You may feel threatened, but I don’t think the national news report did any actual threatening.
Of course I’ll die. Alzheimer’s, heart disease, DIABETES (yes I’m adding that one to the mix, just to be a prick) and cancer are not about dying, but about long-term suffering through long periods of life.
I read a New York Times health column recently (I think Tara Parker-Pope’s Well blog) about a study that found that triathletes, marathoners and other Iron Man exercisers have heart and other circulatory damage that rivals sedentary smokers. So there appears to be a point at which you can have too much of a good thing.
I used to be fat. Now I’m not. I feel better. I look better. I think better. Everyone thinks I’m my teens’ older brother. EVerything’s just goddamn better. I eat less of what I used to want and more of what’s good for me and that I now usually want in spite of myself. My tastes have changed dramatically. I’m not just eating granola to annoy you.

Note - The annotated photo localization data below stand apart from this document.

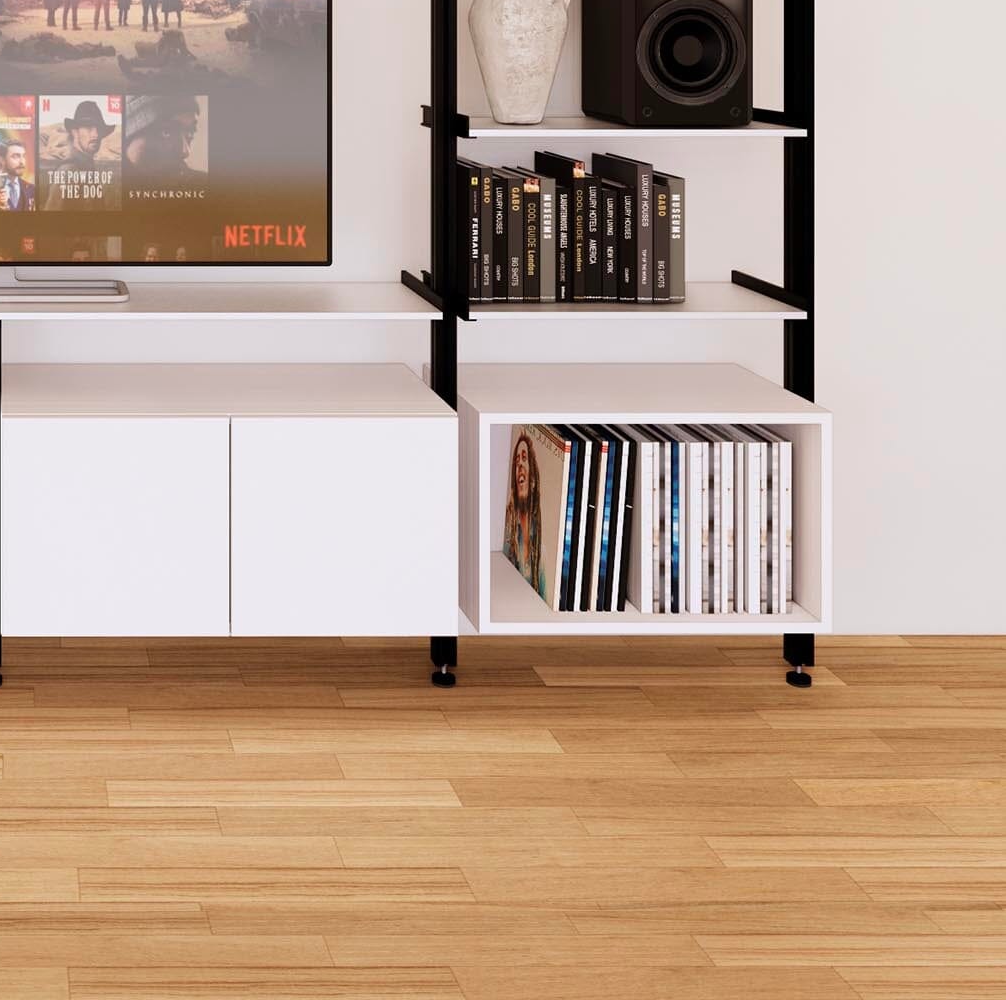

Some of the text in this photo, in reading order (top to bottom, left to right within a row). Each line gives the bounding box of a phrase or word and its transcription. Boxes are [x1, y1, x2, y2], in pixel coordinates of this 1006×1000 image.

[48, 171, 113, 184] THE POWER OF
[60, 185, 103, 198] THE DOG
[129, 190, 205, 199] SYNCHRONIC
[512, 187, 520, 211] GABO
[641, 174, 649, 227] LUXURY HOUSES
[543, 194, 552, 239] MUSEUMS
[658, 194, 666, 217] GABO
[672, 194, 681, 239] MUSEUMS
[224, 225, 307, 248] NETFLIX
[588, 186, 597, 264] LUXURY HOTELS AMERICA
[527, 203, 536, 275] COOL GUIDE London
[657, 260, 665, 288] BIG SHOTS

I HOPE to hell I’m warding off the cancer my father suffered with for the last 13 years of his life, or the dementia that took his mother, and the flawed thinking, lethargy and indifference I’m starting to see in my own mother.
But no matter. The immediate rewards have been worth it.
I laughed my lazy, non-exercising butt off when Jim Fixx died. Then I heard he had a family and personal history of heart disease, and engaged in his major exercise program without seeing a cardiologist. Given the genetic cards he was dealt he might have died sooner and non-famously without exercise, but he could have lived a lot longer under a doctor’s care. Even with 1970s medicine.
Regarding the OP, I’ll take any news I can get about lowering my risk for Alzheimer’s. I’ve seen it take two of my grandparents now, and it is one of my worst fears. Moderate exercise is good for you anyway, so hell, why not.
I don’t think anybody disagrees that exercise and watching your diet is a worthwhile thing to do. I’m just sick of the health nags’ smug self-righteousness about this sort of thing.
I remember when Andy Kaufman died of lung cancer, and he never smoked in his life. Not too long afterwards, stories were going around that the reason he died was from working in all those smoky comedy clubs when he was an up and coming comedian. No proof, no nothing, just “Andy Kaufman died of second hand smoke.” If you happened to catch Kaufman’s act at a club and you were smoking, thanks for helping to kill him, you goddamned murderer.
People get sick. People die. It’s not always someone’s fault.